OKUL ÇOCUĞA GÖRE TANZİM EDİLMELİ
MEB Bakanı Sayın Dinçer’in de gayretleriyle son yıllarda her ne kadar kırılmaya çalışılsa da okulların gerek yönetmeliklerle ve gerekse uygulanan birtakım ritüellerle hala çocukların gelişim özelliklerine uygun olmadığını görmekteyiz. Bu bakımdan yapılacak ilk iş okulun her şeyiyle özgürleştirilip çocukların psiko-sosyal gelişimlerine uygun bir biçimde yeniden reforma edilmesi olmalıdır.

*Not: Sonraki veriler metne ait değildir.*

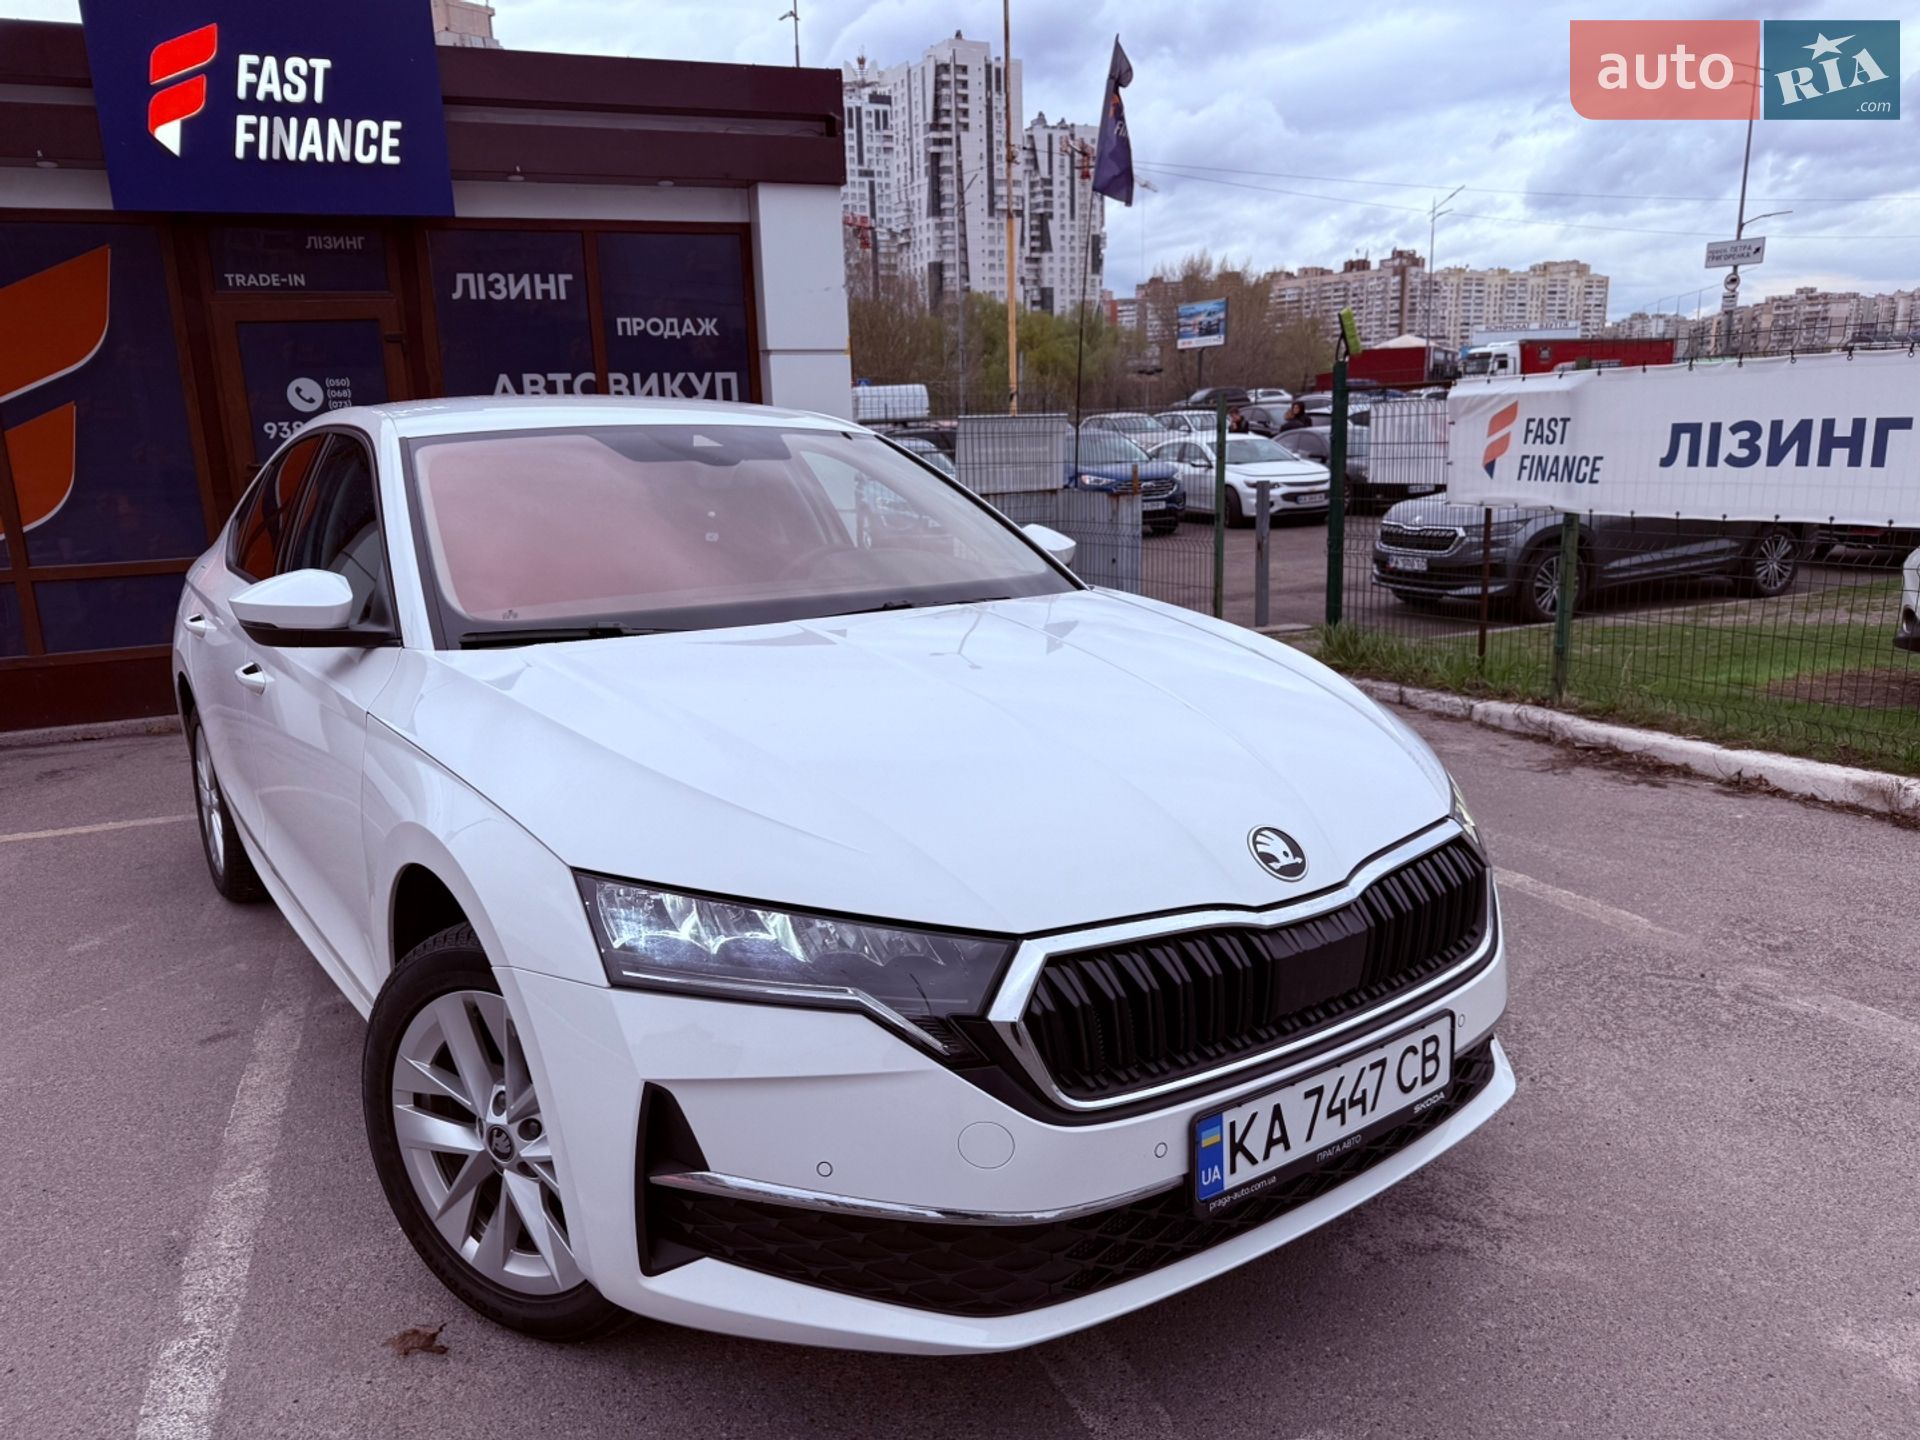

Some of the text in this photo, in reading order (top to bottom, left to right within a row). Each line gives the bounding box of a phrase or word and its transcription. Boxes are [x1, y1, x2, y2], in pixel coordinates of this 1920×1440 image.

[236, 54, 332, 103] FAST
[234, 114, 402, 165] FINANCE
[305, 236, 365, 250] ЛІЗИНГ
[224, 273, 306, 287] TRADE-IN
[452, 272, 573, 300] ЛІЗИНГ
[616, 317, 719, 339] ПРОДАЖ
[1523, 417, 1571, 446] FAST
[1659, 416, 1914, 468] ЛІЗИНГ
[1517, 455, 1604, 485] FINANCE
[1303, 1056, 1388, 1143] 7447
[1317, 1134, 1361, 1162] ПРАГА АВТО
[1201, 1165, 1222, 1186] UA
[1209, 1175, 1277, 1212] praga-auto.com.ua

Eğitim sistemi pedagojik ilkelerle örtüşmeyen eski kalıp anlayış ve uygulamalardan arındırılmalı ve demokratik dünyaya adaptasyonu sağlanmalıdır.
İlk kademe için ders saatlerinin azaltılması, kılık kıyafet serbestliği, müfredatın daha çok oyuna dayalı bir biçimde düzenlenmesi ve törenlerde askeri komutların kaldırılması gibi değişiklikler çocukların psikolojik gelişimleri için önem arz etmektedir. 4+4+4 modelinin 2023 Türkiye’sine bir katkı sunması arzu ediliyorsa eğer bunun için eğitimin temel sorunlarının bir an önce giderilmesi öncelikli mesele olmalıdır. Özgür ve demokrat bir ülkede her kesimden insanla barışık, bireyin tercihlerine saygı duyan, yaratıcılığı, eleştirel düşünceyi, özgürlüğü ve özgünlüğü önceleyen bir eğitim anlayışın yer etmesi için eğitimde mutlaka köklü değişime gidilmelidir.